> _Task description_
The records below are to be restated word for word, with every picture left out.

> _Exercise data_
>>
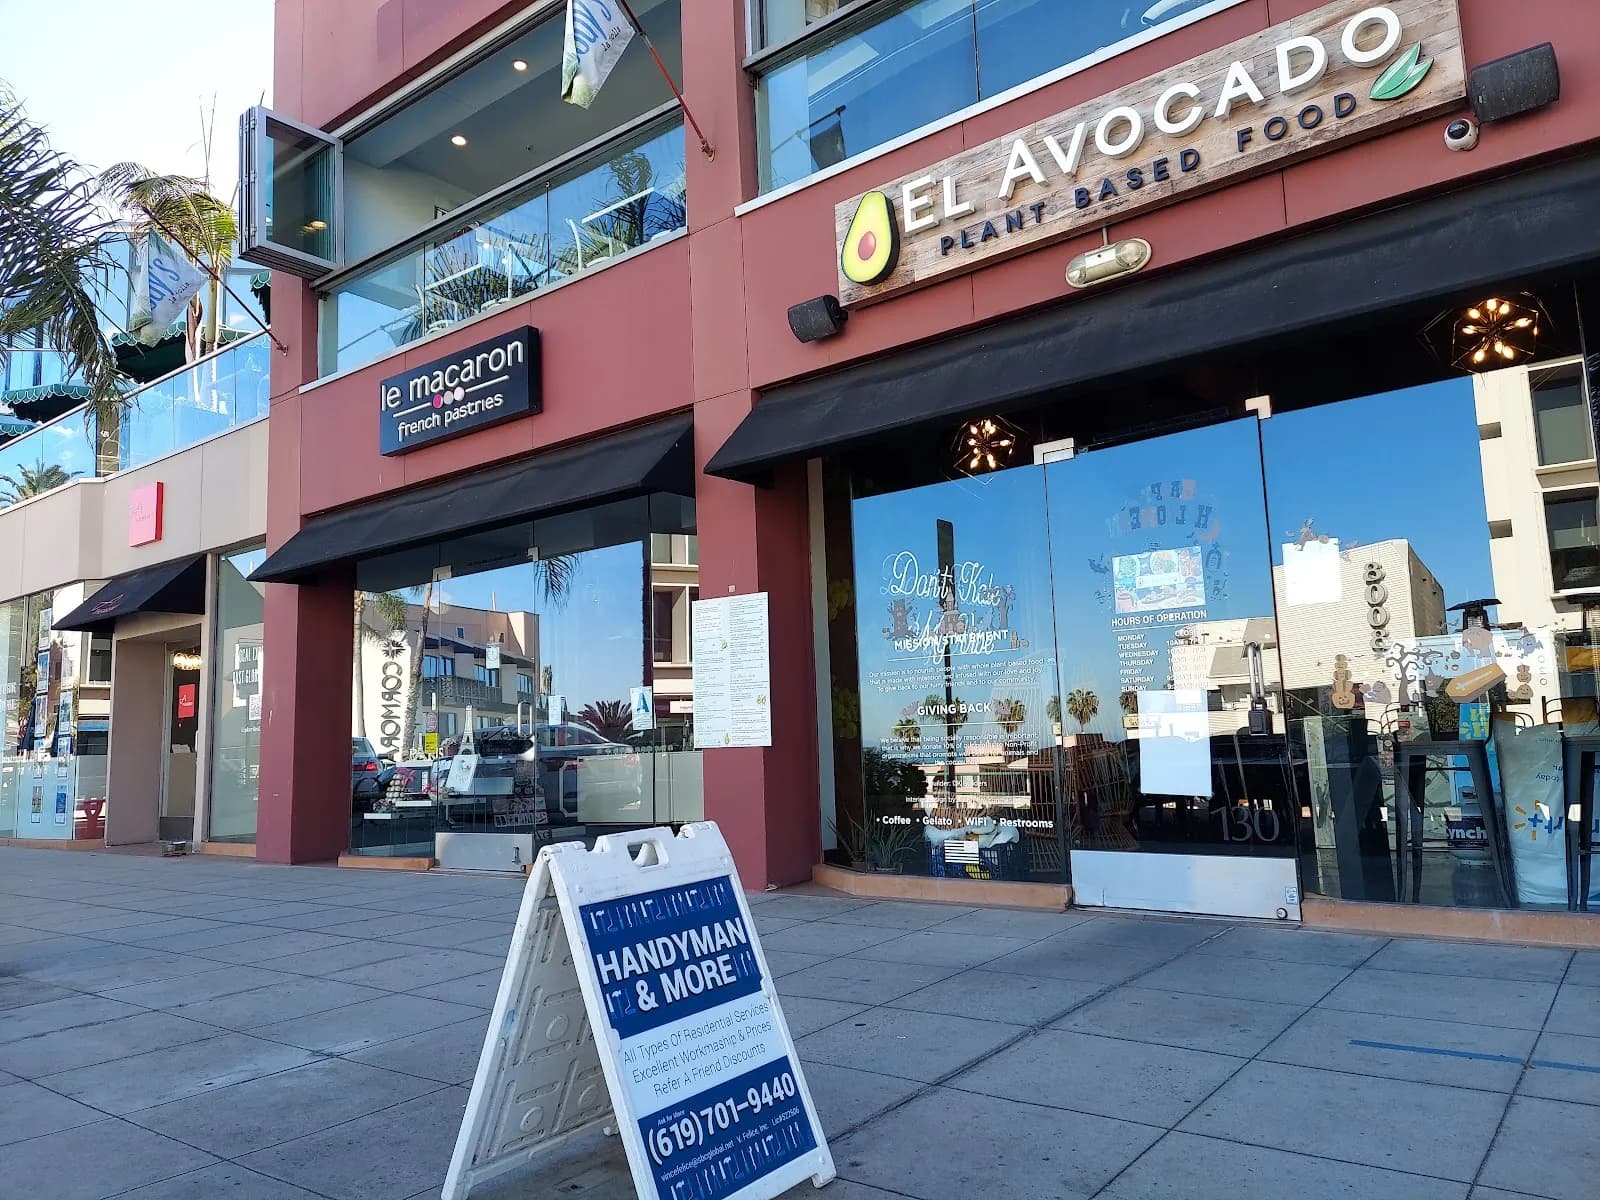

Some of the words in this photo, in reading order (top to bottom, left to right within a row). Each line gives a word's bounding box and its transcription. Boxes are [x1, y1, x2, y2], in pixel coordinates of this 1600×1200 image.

[902, 174, 975, 233] EL
[998, 6, 1402, 201] AVOCADO
[940, 202, 1045, 256] PLANT
[1074, 148, 1200, 209] BASED
[1236, 92, 1357, 152] FOOD
[381, 384, 401, 411] le
[409, 340, 524, 401] macaron
[398, 412, 441, 442] french
[444, 394, 504, 427] pastries
[1111, 617, 1141, 627] HOURS
[1142, 615, 1155, 624] OF
[1156, 610, 1208, 623] OPERATION
[1117, 633, 1145, 642] MONDAY
[1118, 642, 1148, 650] TUESDAY
[1118, 650, 1159, 658] WEDNESDAY
[1119, 659, 1154, 667] THURSDAY
[1119, 668, 1143, 676] FRIDAY
[1120, 676, 1155, 684] SATURDAY
[636, 692, 650, 713] A
[917, 704, 957, 715] GIVING
[959, 702, 992, 714] BACK
[882, 815, 912, 825] Coffee
[922, 815, 953, 826] Gelato
[1000, 817, 1054, 829] Restrooms
[1210, 805, 1280, 841] 130
[596, 917, 747, 985] HANDYMAN
[635, 979, 659, 1012] &
[659, 954, 737, 1004] MORE
[624, 1049, 637, 1065] All
[637, 1039, 669, 1061] Types
[670, 1030, 682, 1047] Of
[683, 1013, 734, 1042] Residential
[734, 1001, 769, 1023] Services
[632, 1055, 680, 1085] Excellent
[680, 1033, 737, 1064] Workmaship
[737, 1029, 745, 1042] &
[745, 1020, 772, 1039] Prices
[653, 1077, 681, 1098] Refer
[684, 1071, 692, 1085] A
[692, 1058, 722, 1083] Friend
[722, 1042, 766, 1070] Discounts
<<
> _Written solution_
Some of the words in this photo, in reading order (top to bottom, left to right within a row). Each line gives a word's bounding box and its transcription. Boxes are [x1, y1, x2, y2], in pixel coordinates of this 1600×1200 image.

[902, 174, 975, 233] EL
[998, 6, 1402, 201] AVOCADO
[940, 202, 1045, 256] PLANT
[1074, 148, 1200, 209] BASED
[1236, 92, 1357, 152] FOOD
[381, 384, 401, 411] le
[409, 340, 524, 401] macaron
[398, 412, 441, 442] french
[444, 394, 504, 427] pastries
[1111, 617, 1141, 627] HOURS
[1142, 615, 1155, 624] OF
[1156, 610, 1208, 623] OPERATION
[1117, 633, 1145, 642] MONDAY
[1118, 642, 1148, 650] TUESDAY
[1118, 650, 1159, 658] WEDNESDAY
[1119, 659, 1154, 667] THURSDAY
[1119, 668, 1143, 676] FRIDAY
[1120, 676, 1155, 684] SATURDAY
[636, 692, 650, 713] A
[917, 704, 957, 715] GIVING
[959, 702, 992, 714] BACK
[882, 815, 912, 825] Coffee
[922, 815, 953, 826] Gelato
[1000, 817, 1054, 829] Restrooms
[1210, 805, 1280, 841] 130
[596, 917, 747, 985] HANDYMAN
[635, 979, 659, 1012] &
[659, 954, 737, 1004] MORE
[624, 1049, 637, 1065] All
[637, 1039, 669, 1061] Types
[670, 1030, 682, 1047] Of
[683, 1013, 734, 1042] Residential
[734, 1001, 769, 1023] Services
[632, 1055, 680, 1085] Excellent
[680, 1033, 737, 1064] Workmaship
[737, 1029, 745, 1042] &
[745, 1020, 772, 1039] Prices
[653, 1077, 681, 1098] Refer
[684, 1071, 692, 1085] A
[692, 1058, 722, 1083] Friend
[722, 1042, 766, 1070] Discounts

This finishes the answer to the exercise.